Dozens of missing epochs in the monthly gravity product of the satellite mission Gravity Recovery and Climate Experiment (
GRACE) and its follow-on (
GRACE-FO) mission greatly inhibit the complete analysis and full utilization of the data. Despite previous attempts to handle this problem, a general all-purpose gap-filling solution is still lacking. Here we propose a non-parametric, data-adaptive and easy-to-implement approach - composed of the Singular Spectrum Analysis (SSA) gap-filling technique, cross-validation, and spectral testing for significant components - to produce reasonable gap-filling results in the form of spherical harmonic coefficients (SHCs). We demonstrate that this approach is adept at inferring missing data from long-term and oscillatory changes extracted from available observations. A comparison in the spectral domain reveals that the gap-filling result resembles the product of GRACE missions below spherical harmonic degree 30 very well. As the degree increases above 30, the amplitude per degree of the gap-filling result decreases more rapidly than that of GRACE/GRACE-FO SHCs, showing effective suppression of noise. As a result, our approach can reduce noise in the oceans without sacrificing resolutions on land.

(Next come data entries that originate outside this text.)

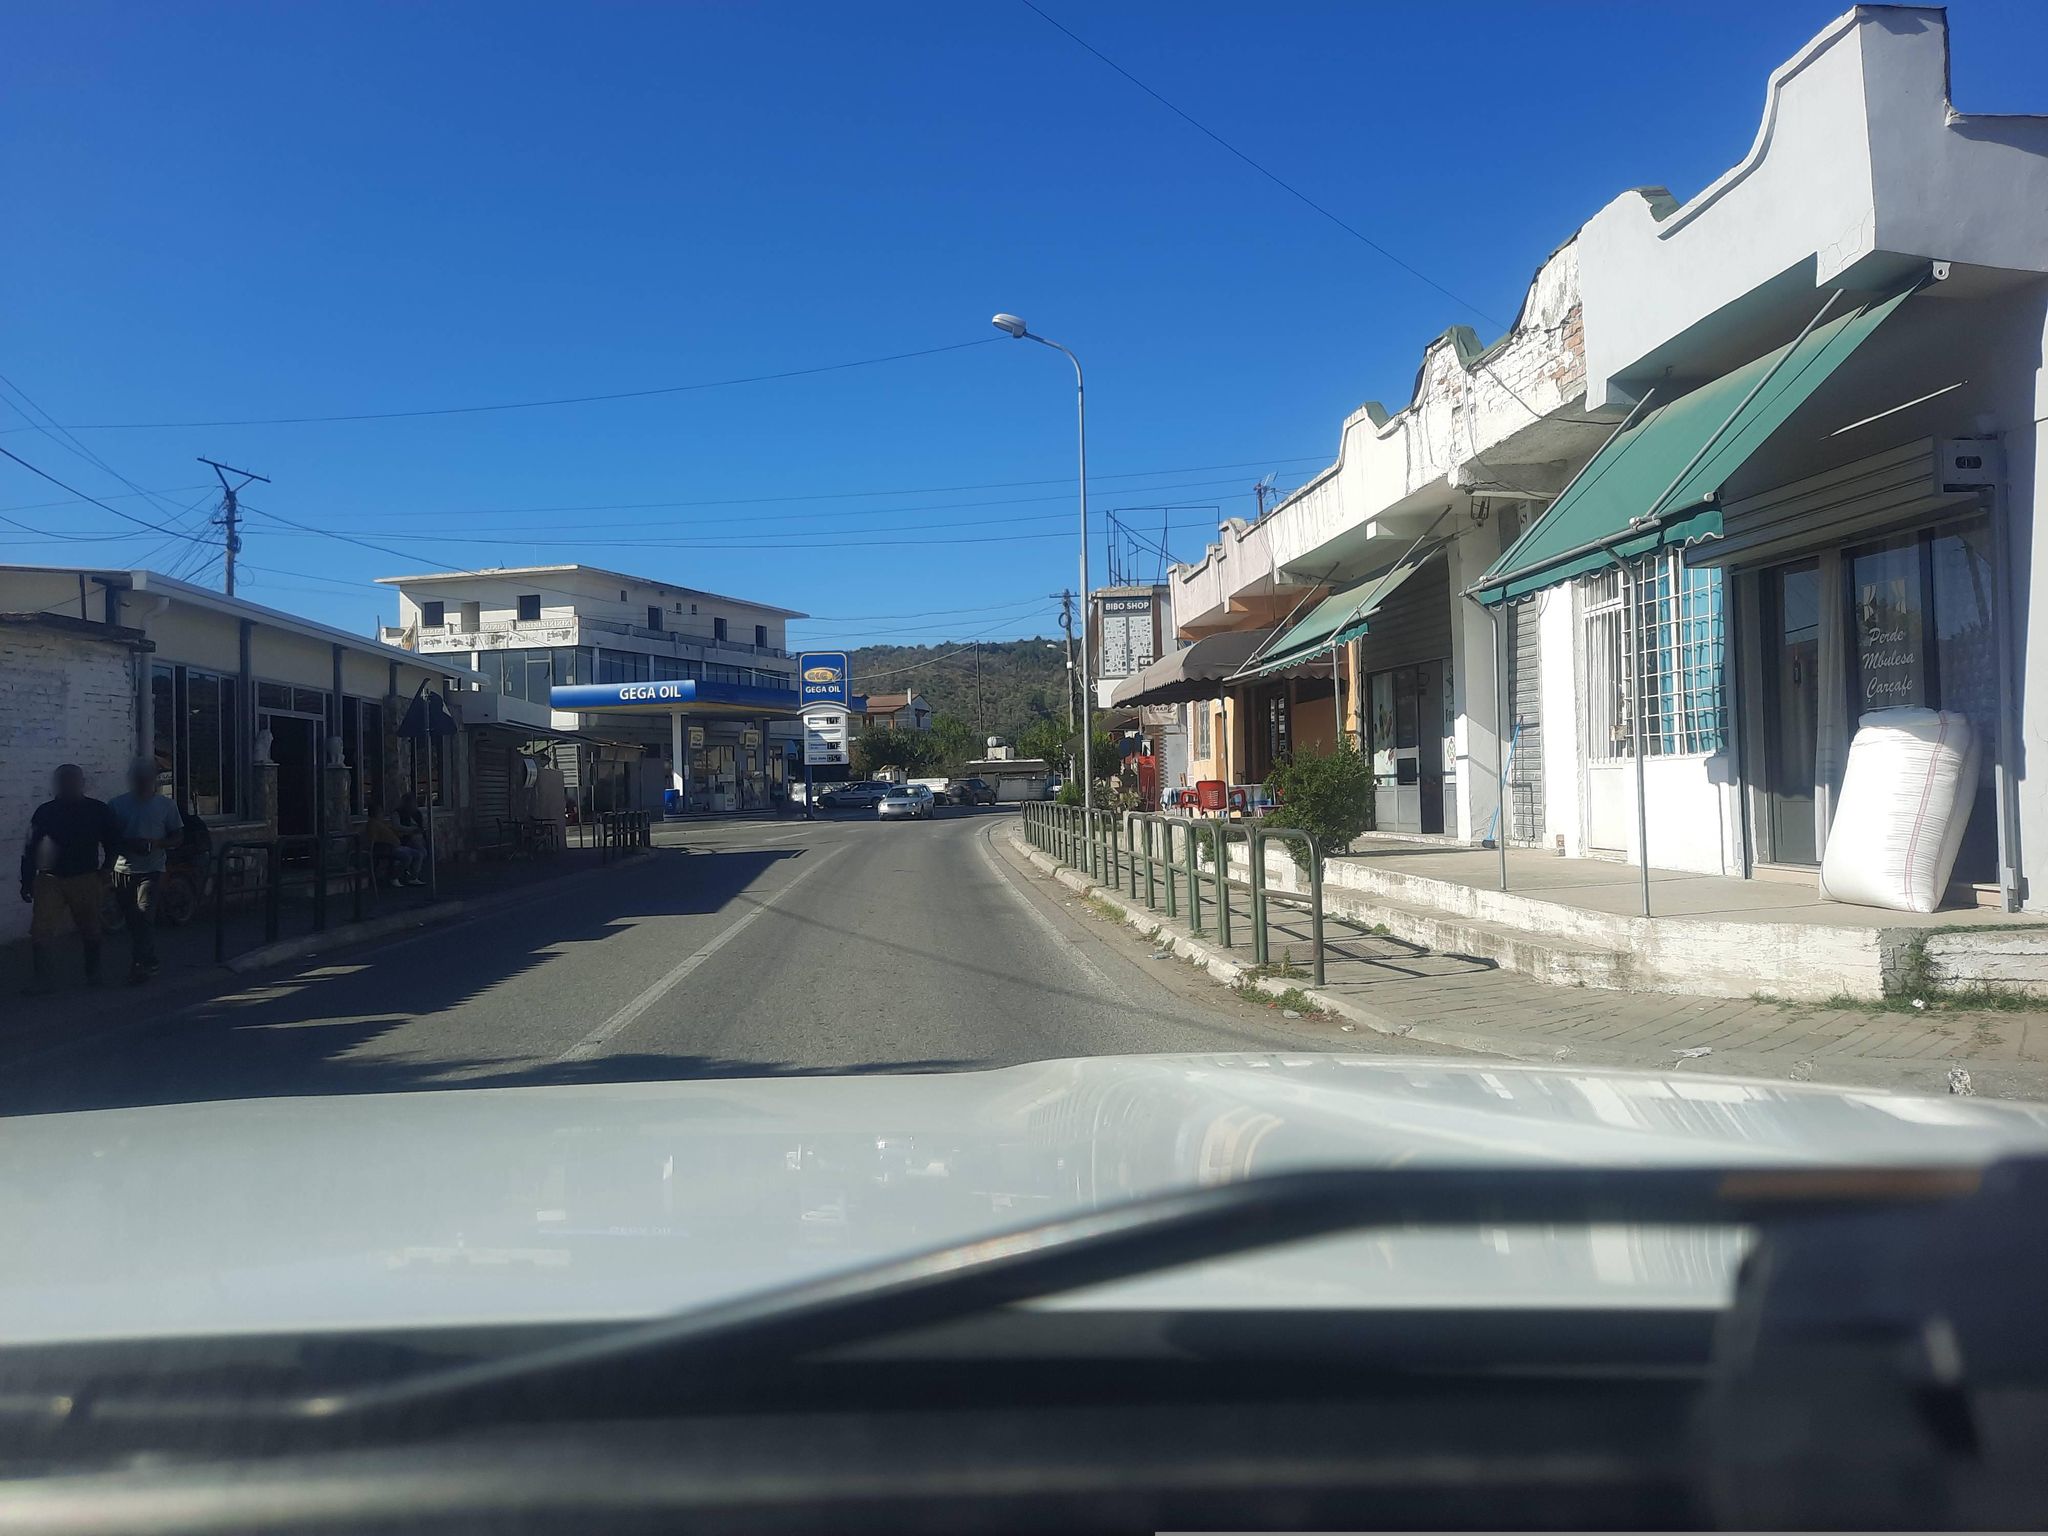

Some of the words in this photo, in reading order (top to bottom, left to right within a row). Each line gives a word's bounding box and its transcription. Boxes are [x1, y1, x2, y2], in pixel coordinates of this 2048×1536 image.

[1105, 603, 1125, 611] BIBO
[1126, 602, 1149, 610] SHOP
[1868, 626, 1904, 646] Perde
[1862, 650, 1915, 670] Mbulesa
[619, 687, 656, 700] GEGA
[659, 685, 682, 698] OIL
[828, 685, 841, 693] OIL
[1866, 674, 1913, 702] Çarçafe
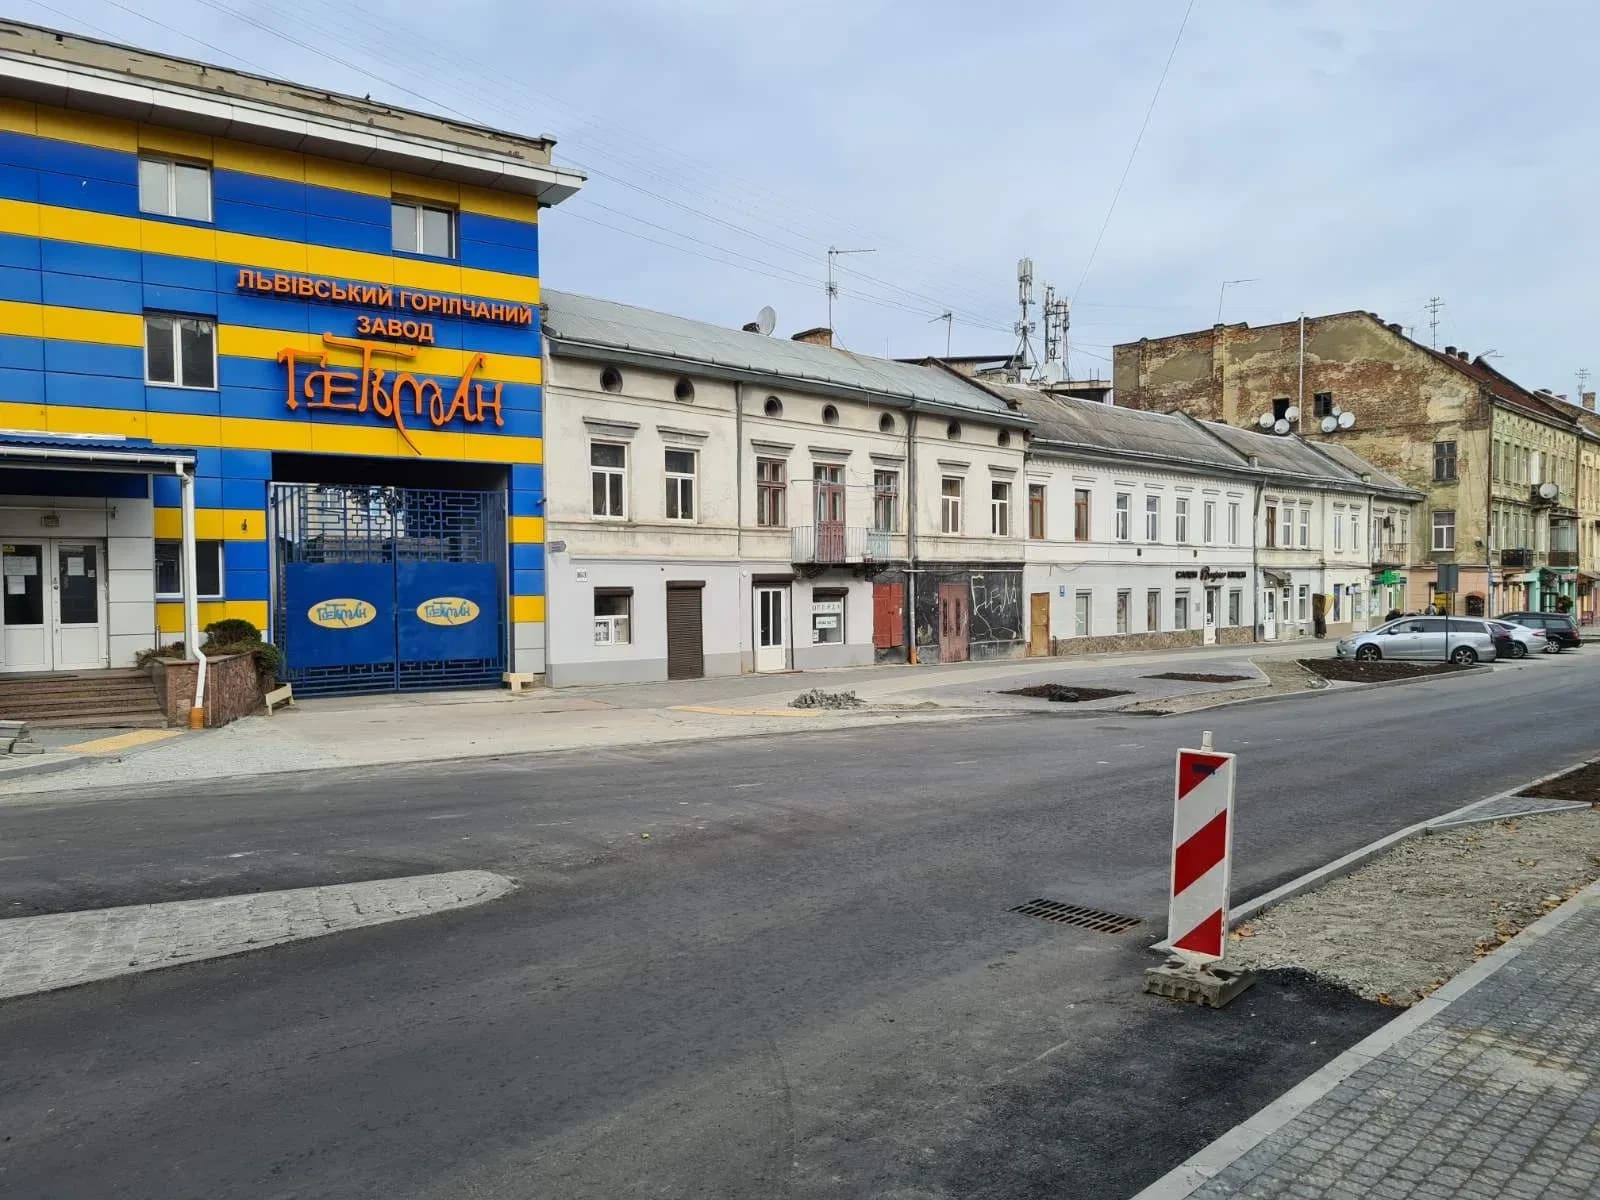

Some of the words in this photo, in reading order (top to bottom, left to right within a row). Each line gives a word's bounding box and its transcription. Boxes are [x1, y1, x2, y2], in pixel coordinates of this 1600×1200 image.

[237, 269, 394, 308] ЛЬВІВСЬКИЙ
[399, 290, 532, 325] ГОРІЛЧАНИЙ
[356, 315, 435, 343] ЗАВОД
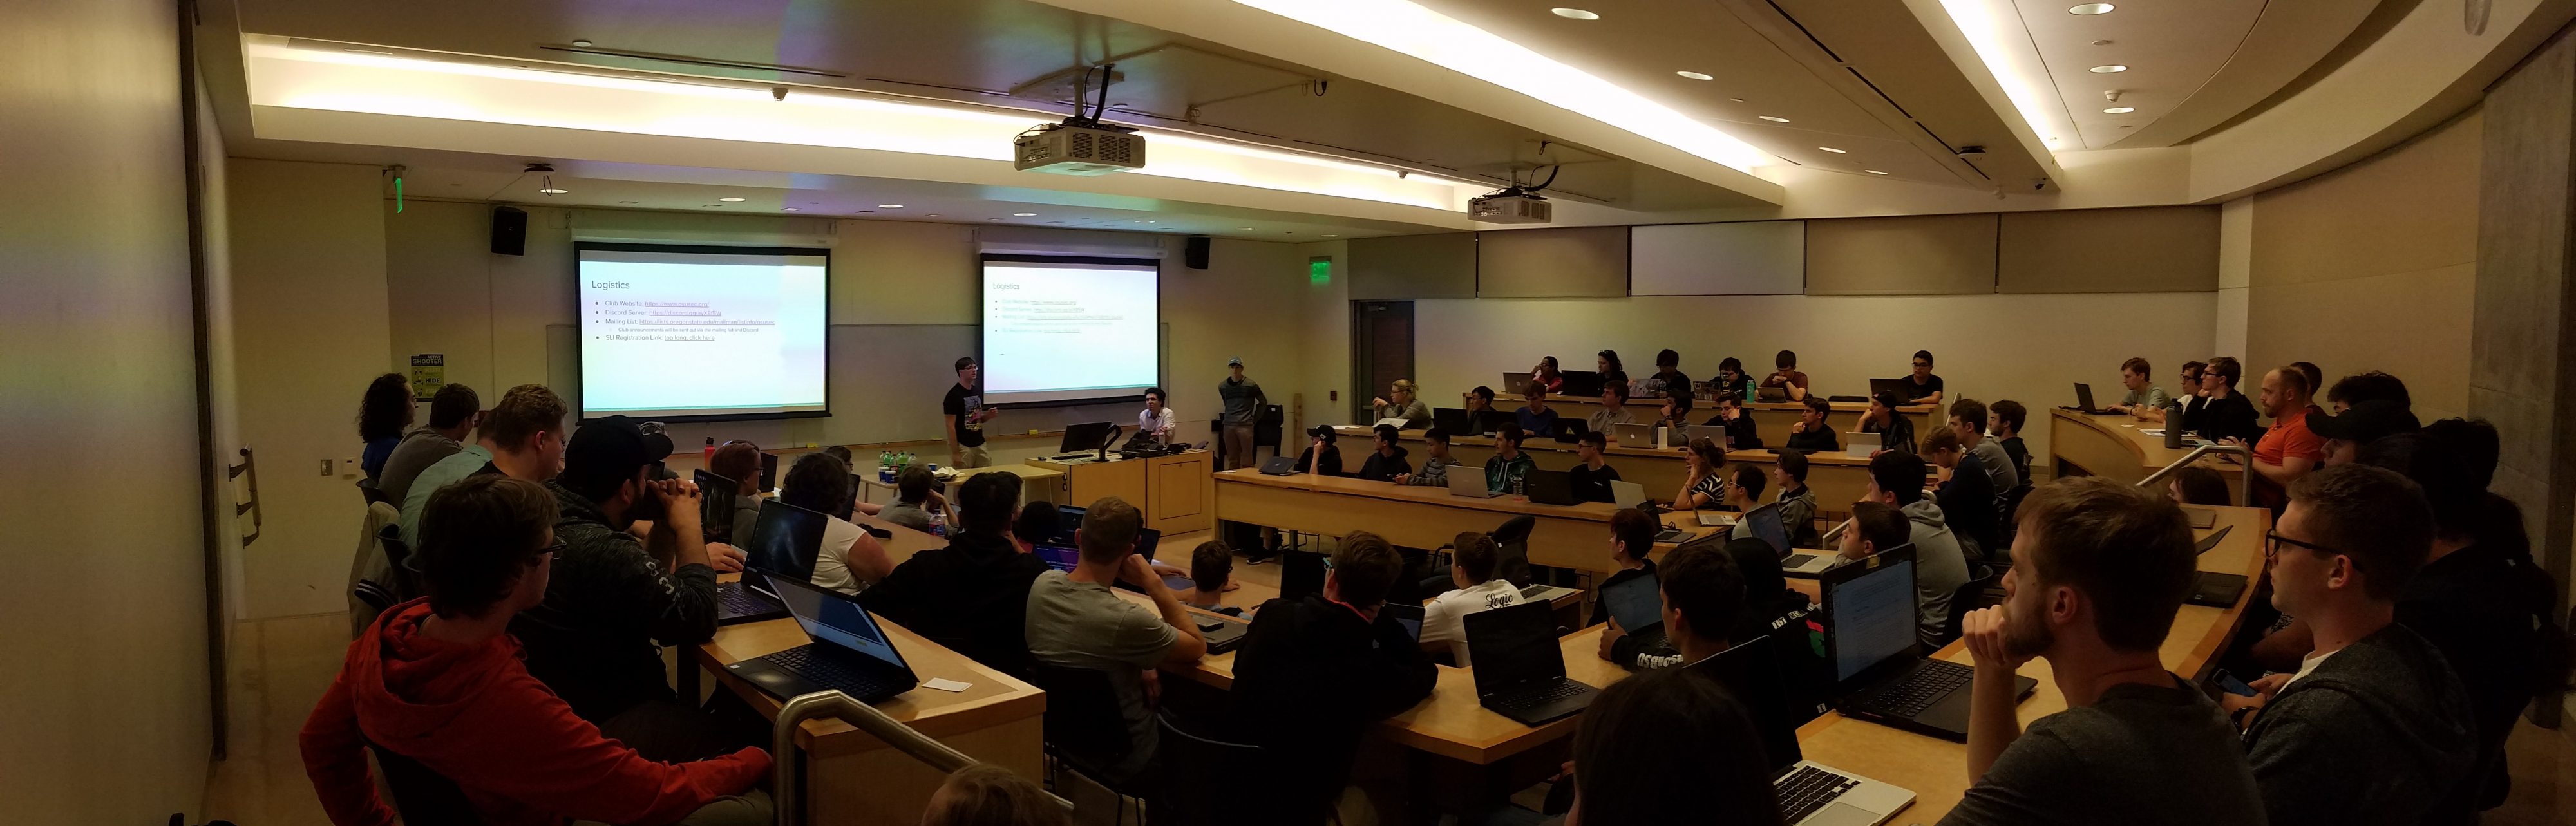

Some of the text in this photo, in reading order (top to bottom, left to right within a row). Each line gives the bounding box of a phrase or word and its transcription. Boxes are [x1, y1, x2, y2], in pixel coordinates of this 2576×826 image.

[592, 280, 630, 290] Logistics
[992, 283, 1020, 291] Logistics
[1485, 592, 1513, 609] Logic

The gap filling dataset is stored in the “SSA_filing/" folder. Each file represents a monthly result in the form of spherical harmonics. The data format follows the convention of the site ftp://isdcftp.gfz-potsdam.de/grace/. Low degree corrections (degree-1, C20, C30) have been made.
The code to generate the dataset is located in the “code_share/“ folder, with an example for C30.
The model-based Greenland mass balance result for data validation (results given in the paper) is provided in the "Greenland_SMB-D.txt” file.